GOAL OF THE EXERCISE: Your task is to restate every entry below word for word and omit the images.
··· SUPPLIED ENTRIES ···
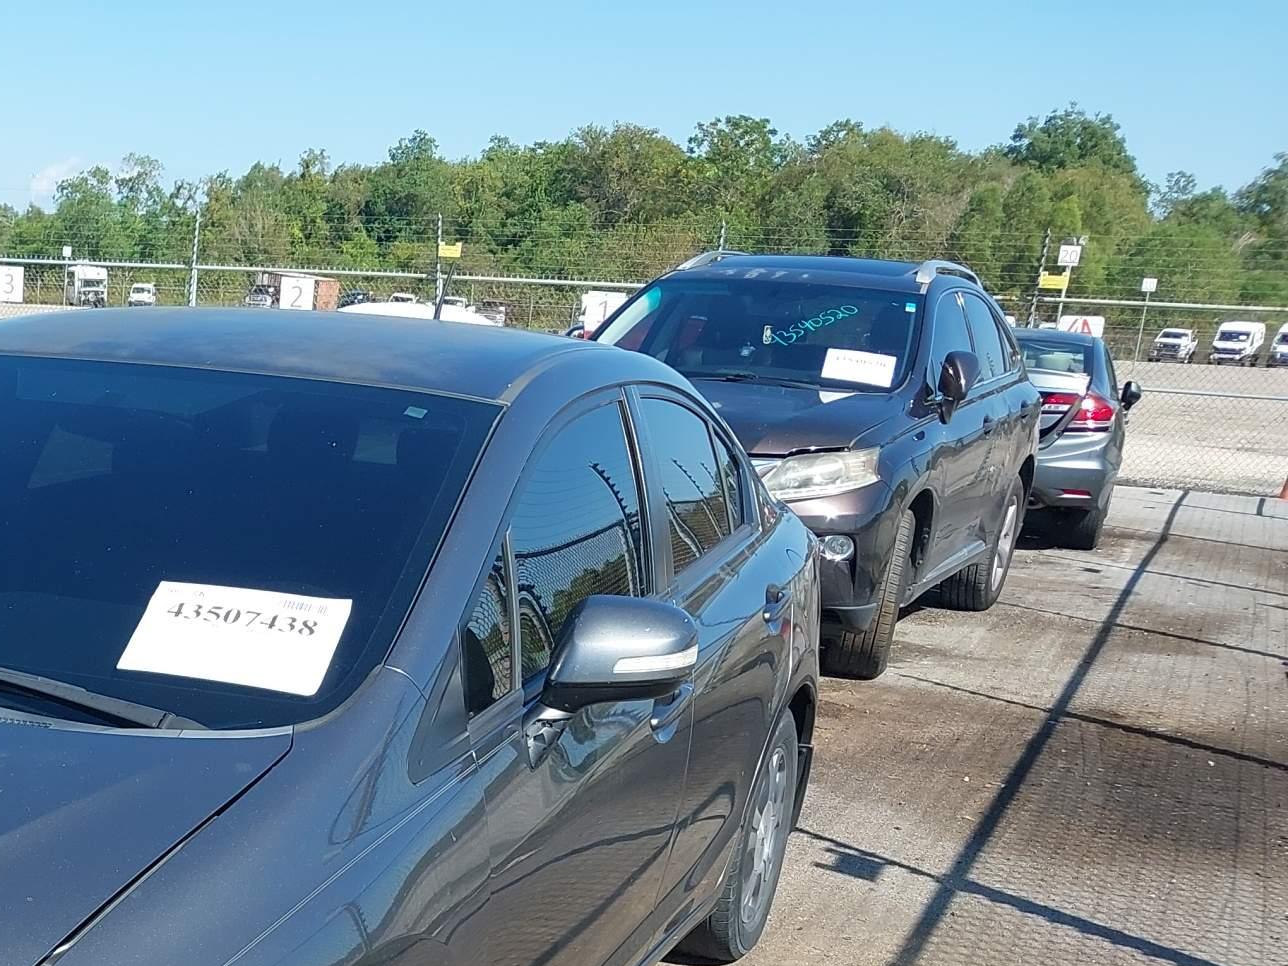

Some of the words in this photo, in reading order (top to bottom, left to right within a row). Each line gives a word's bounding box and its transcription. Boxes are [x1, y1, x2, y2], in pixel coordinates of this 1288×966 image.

[1062, 249, 1079, 263] 20
[2, 273, 15, 295] 3
[289, 285, 303, 308] 2
[598, 300, 609, 321] 1
[166, 601, 319, 637] 43507438
···
WRITTEN ANSWER:
Some of the words in this photo, in reading order (top to bottom, left to right within a row). Each line gives a word's bounding box and its transcription. Boxes are [x1, y1, x2, y2], in pixel coordinates of this 1288×966 image.

[1062, 249, 1079, 263] 20
[2, 273, 15, 295] 3
[289, 285, 303, 308] 2
[598, 300, 609, 321] 1
[166, 601, 319, 637] 43507438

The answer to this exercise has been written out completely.